## RECORDED DATA
+--

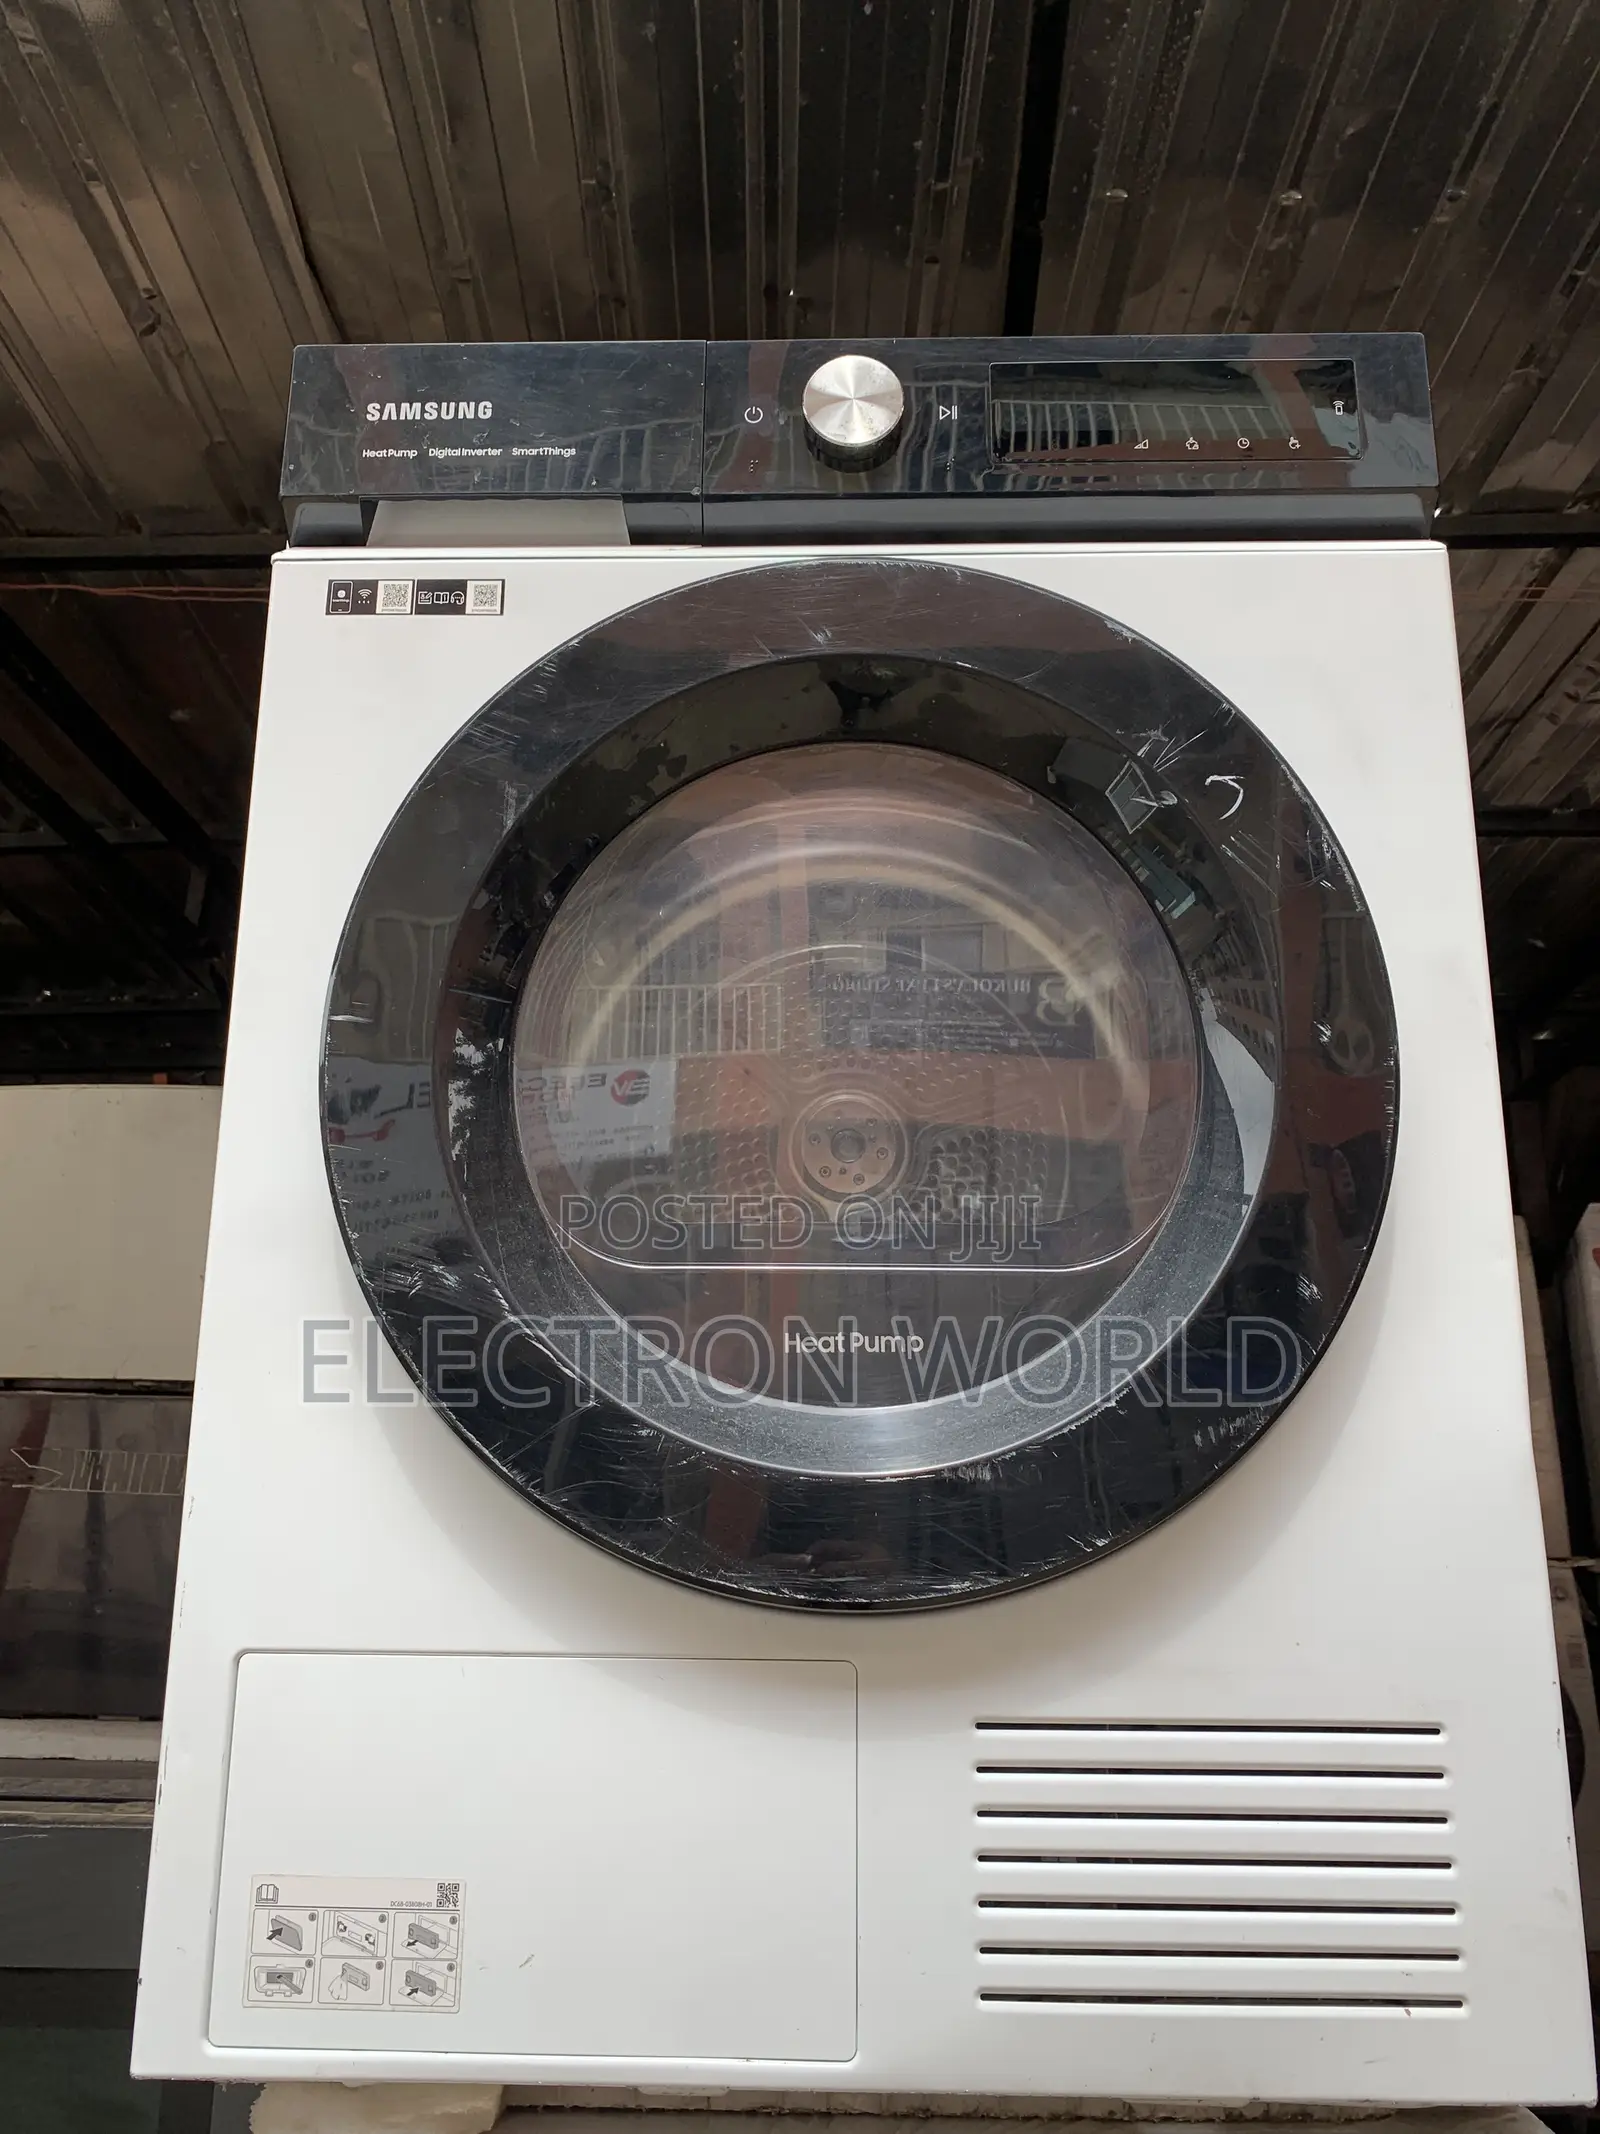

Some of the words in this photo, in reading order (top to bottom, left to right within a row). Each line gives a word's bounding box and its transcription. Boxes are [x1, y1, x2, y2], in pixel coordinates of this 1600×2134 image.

[366, 401, 493, 421] SAMSUNG
[362, 449, 387, 458] Heat
[388, 449, 418, 459] Pump
[428, 448, 460, 459] Digital
[462, 447, 502, 457] Inverter
[511, 447, 577, 458] SmartThings
[783, 1332, 847, 1354] Heat
[849, 1332, 925, 1360] Pump

+--

## WORK REQUIRED
Hand back the data above exactly, leaving out all pictures.

## ANSWER FOR THE TASK
Some of the words in this photo, in reading order (top to bottom, left to right within a row). Each line gives a word's bounding box and its transcription. Boxes are [x1, y1, x2, y2], in pixel coordinates of this 1600×2134 image.

[366, 401, 493, 421] SAMSUNG
[362, 449, 387, 458] Heat
[388, 449, 418, 459] Pump
[428, 448, 460, 459] Digital
[462, 447, 502, 457] Inverter
[511, 447, 577, 458] SmartThings
[783, 1332, 847, 1354] Heat
[849, 1332, 925, 1360] Pump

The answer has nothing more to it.